What a surprise it was to learn about this book! One tends to think of former British Prime Minister John Major as a colorless fellow (in fact, I’d already sort of forgotten about him). He was a middle child, a Jan Brady wedged in there between fellow Conservative Margaret Thatcher (controversial because she was too conservative) and Laborite Tony Blair (controversial because he was…too conservative). Interestingly, while Thatcher was paired with Ronald Reagan, and Blair with Bill Clinton and Bush II….Major coexisted with Bush I, and one thinks of them the same way. A middle of the road guy, a meat and potatoes conservative who (in contrast with his predecessor) exists entirely NOT to upset any apple carts.
What can it be but shocking to learn that his parents were performers in British music hall? Music hall performers: colorful, reckless, itinerant, devil may care, hand-to-mouth? Well, maybe not so surprising. The children of free spirits often become down to earth almost as a form of rebellion, or perhaps self-preservation. Call it the Saffy syndrome. Like Downton Abbey’s Mr. Carson he seems to have tamped down the music hall within him, and donned a cloak of respectability.
An even greater shock is how good this book is. I mean, this is a real book. I can’t help but contrast it with the way American politicians and lots of other public figures write books (superficial, lightweight, 250 pages or less in large type, written in collaboration with some other professional writer, and even so, clearly dashed off in a hurry).

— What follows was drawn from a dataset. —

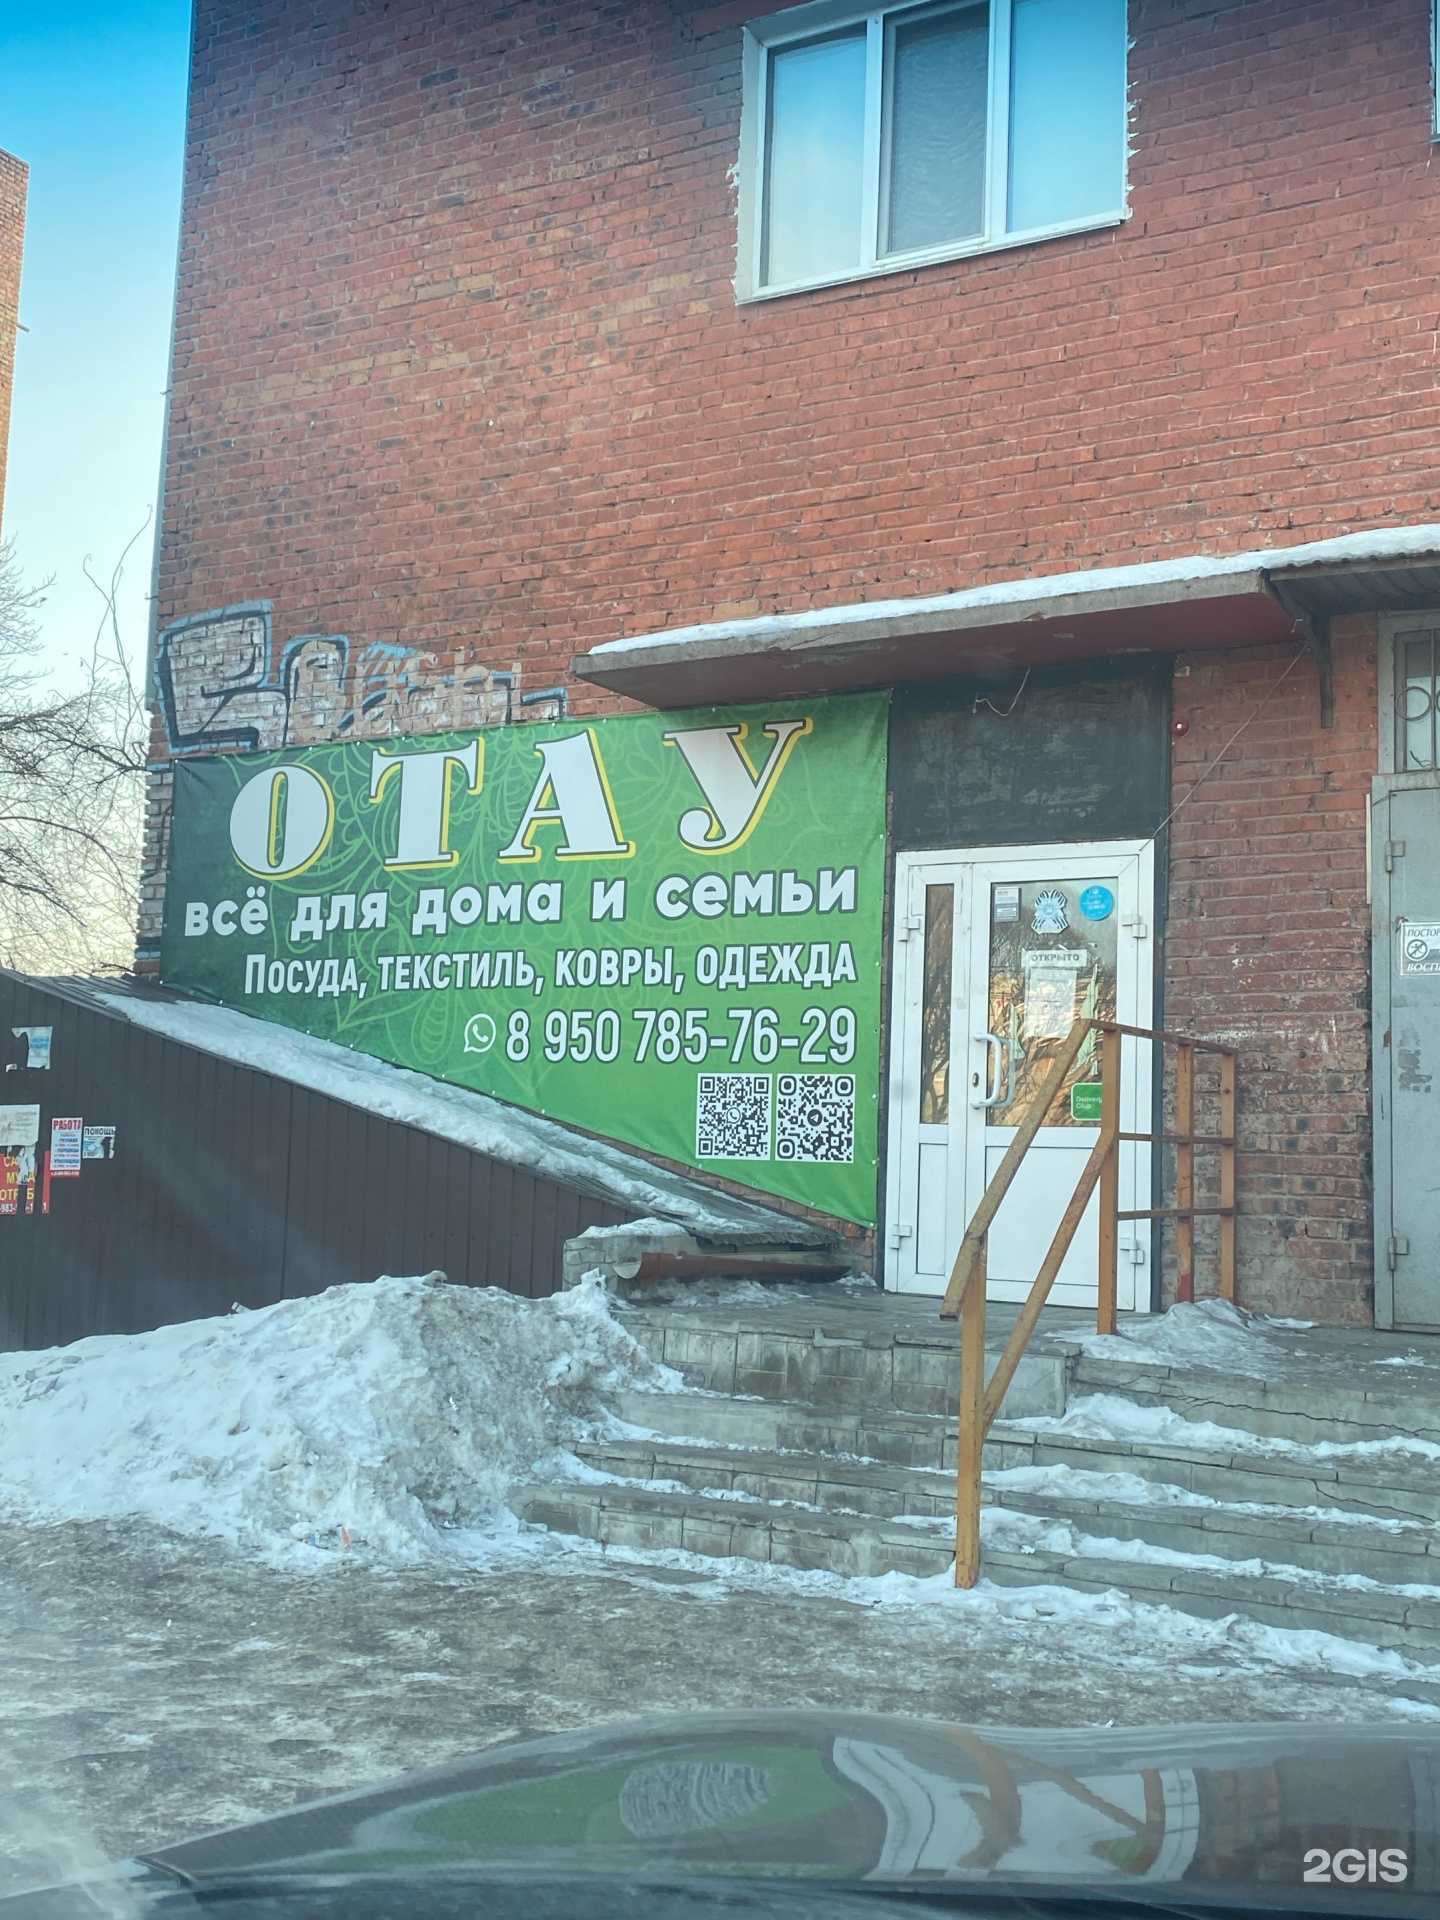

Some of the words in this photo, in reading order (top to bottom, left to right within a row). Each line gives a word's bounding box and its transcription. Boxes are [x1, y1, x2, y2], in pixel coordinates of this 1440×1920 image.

By contrast, Major has written an authoritave, scholarly, REAL book about the history of British music hall from its very beginnings. In typical English, self-effacing manner, he protests that this is not what he has written, but I assure you that’s what it is. The only way it differs from a similar book written by a performing arts scholar is that he includes his parents, who were not big stars, in the history. In a sense, the book seems a sort of attempt by him to put his parents’ careers in context, and maybe to explain and justify them. He mentions that early in his career he took heat about the fact that his parents were in music hall. This book is an irrefutable, knowledgable positing of the absolute centrality of music hall as a legitimate expression of British culture. What makes it even more remarkable is Major’s largeness of spirit — the amount of “Sympathy for the Devil” he possesses. It’s hard to imagine an American conservative writing with such tolerance for such a hedonistic and “fringe” a crew as music hall performers, some of whom after all specialized in singing dirty songs or dressing in drag. (Although music hall performers do carry their own “conservative” credentials as well. They were patriotic to the point of jingoism, providing the soundtrack for Britain’s entire imperial period).
Now, I would also be shocked if a busy man like Major didn’t have research assistants to help him pull this together. And he may well have used the services of an uncredited ghost-writer. Although, the style of the book is dry and plain enough to make me believe that he penned it himself. But even if he ‘d only dreamt up the project and served as its editor and puppet master, he’d have done a valuable thing. This is a good and useful book, and it’s likely to be a go-to reference work on my shelf for a long time to come.